Officials for Fox Creek High School are renewing the charter school’s long-sought project of establishing a middle school.

Josh Trahan, principal at Fox Creek, said the school is now finalizing its application with the USDA’s Office of Rural Development and hopes to get notice of funding by end of September on what’s estimated to be a $22 million endeavor.

Should that notice come through on time, the school would then go out to bid for a contractor and, at earliest, break ground late next summer.

“With a little luck, we’d open the building in the fall of 2027,” Trahan said. The school, for grades six through eight, would be on the same property as Fox Creek High School.

Established in 2004, Fox Creek High School was originally located on West Martintown Road in North Augusta before moving in 2009 to its Edgefield County location on Shortcut Road.

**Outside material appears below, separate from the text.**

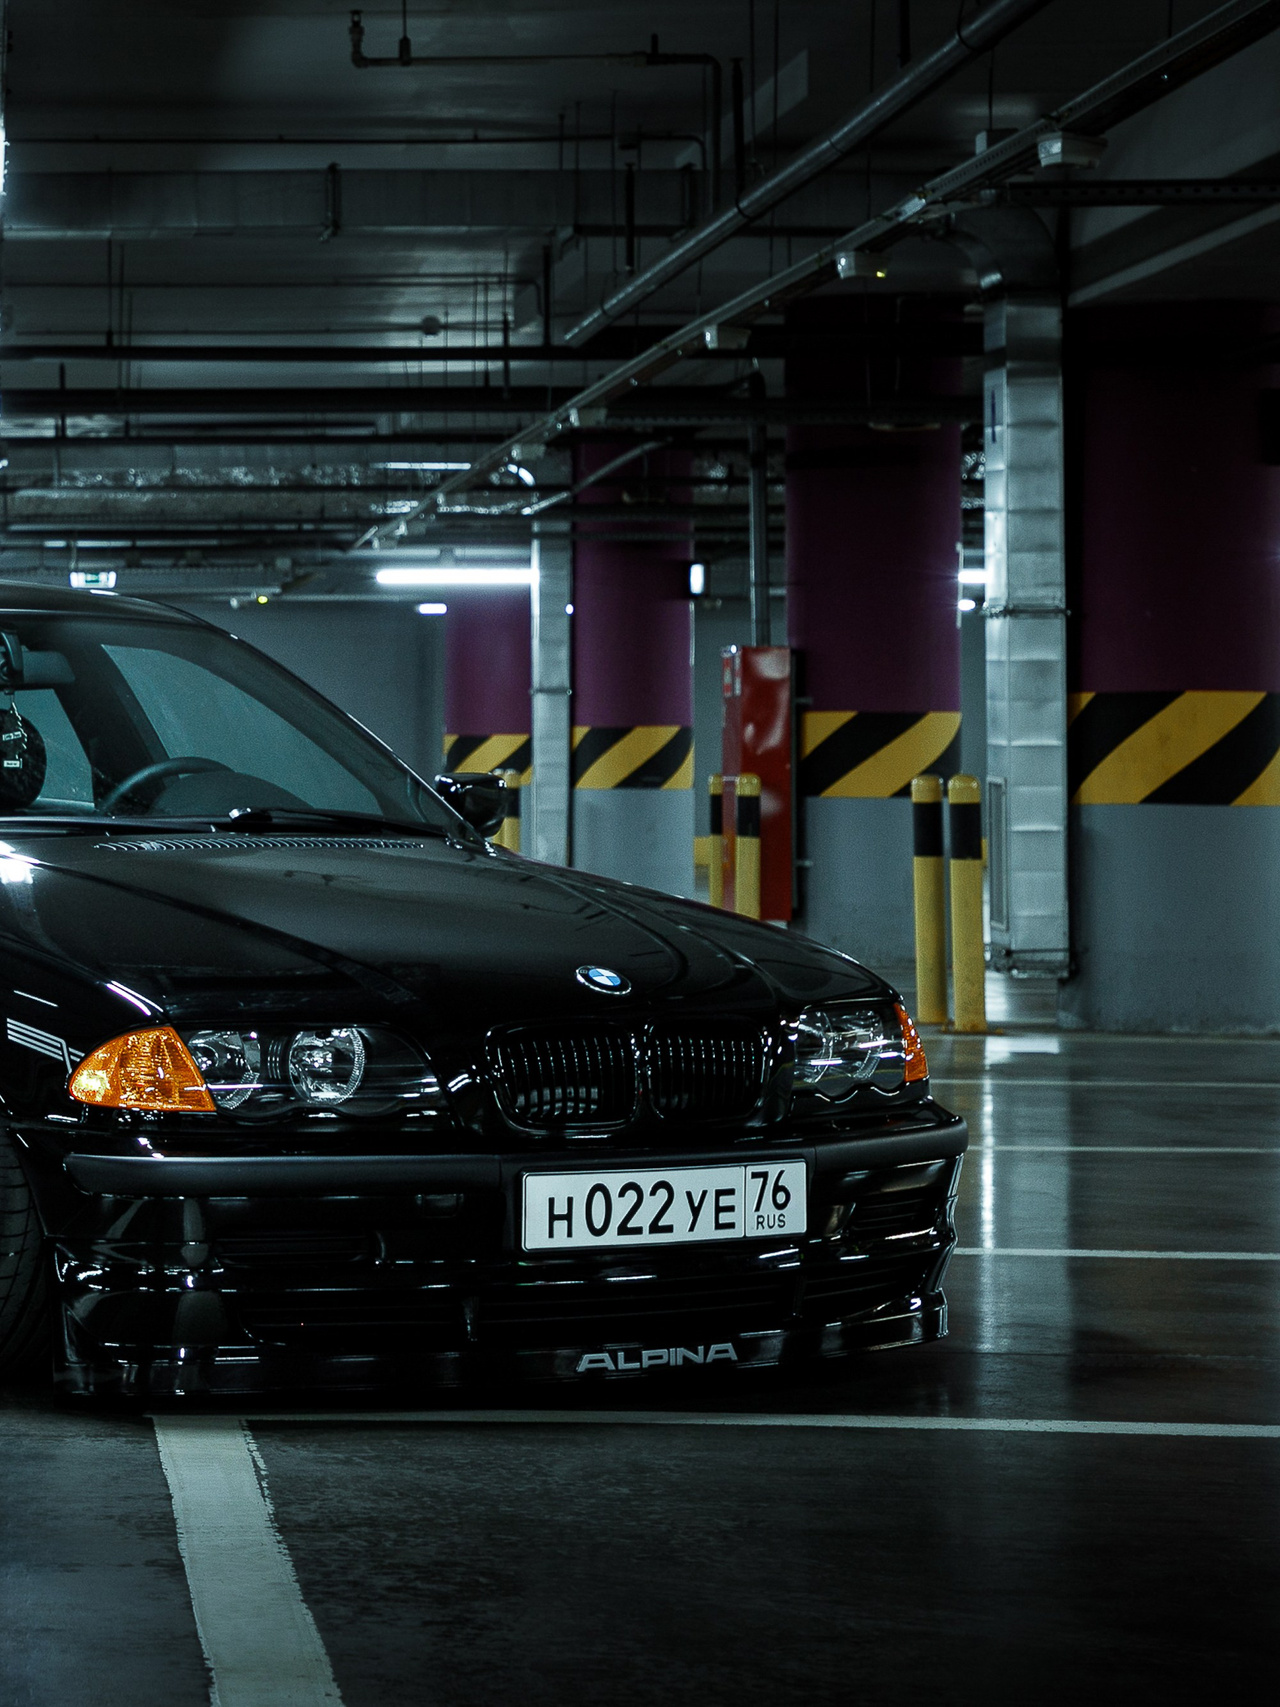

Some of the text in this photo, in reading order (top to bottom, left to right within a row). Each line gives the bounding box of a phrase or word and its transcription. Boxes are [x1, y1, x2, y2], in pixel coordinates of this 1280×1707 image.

[750, 1169, 792, 1213] 76
[756, 1214, 786, 1230] RUS
[576, 1343, 738, 1372] ALPINA

Even then, just five years in, establishing a middle school was in the mix as a likely future need, Trahan said. Trahan was at the time serving as Fox Creek's assistant principal.

“Once we got out here, that conversation began to grow,” he said. “What do we need to do? How do we continue to establish ourselves. That conversation got louder at times and quieter at times.”

The school picked it up in earnest in 2019 before dropping it when the pandemic hit. Now, that new middle school is back in play at a time when a recent year’s enrollment at the high school gave the “positive scare” of 724 students.

Fox Creek High School has capped enrollment at 800 students — 200 each for grades nine through 12.

State lawmakers are meanwhile looking at expanding school choice: a bill that would extend the state's school voucher program to all South Carolinians, regardless of income, and include charter schools as options for where to take those vouchers, passed the South Carolina House 69-32 March 20.

If that bill becomes law — and makes it through an ongoing state Supreme Court tangle over constitutionality of the first voucher program, passed last year — Trahan said traditional schools may also instate caps on enrollment.

“We better have a plan because they’re building communities around us like crazy,” Trahan said. “We know people are coming into our community. We know the local middle schools are relatively full.”

Being “on the cusp of Aiken County, where everyone has moved out this way” puts Fox Creek in a supportive role for traditional schools while also providing another option, Trahan said.

Of the Merriwether area in particular, “I think the lines are beginning to get crossed because everything is so close to everything else — which is a good thing; it means our community’s booming — it’s just providing all the educational choice you want to put out there for them and making sure that everyone has what they need to be successful,” he said.

“Parents are anxious to have another option,” Sara Ellis said. Ellis is guidance director at Fox Creek High School and is the one giving tours of the school to new families.

Merriwether’s Edgefield County residents rely on just two middle schools: Merriwether Middle School and, 25 miles away in Johnston, JET Middle School.

In Aiken County, Highland Springs Middle opened in time for the current school year and alleviated some of the crowding at Paul Knox Middle.

But Ellis said there’s still a need for another location.

“It would give an opportunity for those students to have a place where they can find their niche that they may not otherwise find somewhere else,” she said.

Tiffany Shepherd, Fox Creek assistant principal, agreed. “We have students here that, if they were at a bigger school, they’d get swallowed by the masses,” she said. “At a smaller school, their personality was able to shine more and they’re able to get involved in more things.”

Part of the push, as Ellis said she’s gotten from parent feedback, is for streamlining a student’s athletics participation.

State High School League rules do not permit a student from another district or organization to practice with another district’s team. For Fox Creek to establish a middle school, it would allow a student to get started where they plan on ending, Ellis said.

“The parents are anxious. And I think when our mission originally started, it was for the Merriwether community,” she said. “Now the parents are like, ‘Bring more. We have younger kids; when will there be a middle school?’”


“It would give an opportunity for those students to have a place where they can find their niche that they may not otherwise find somewhere else."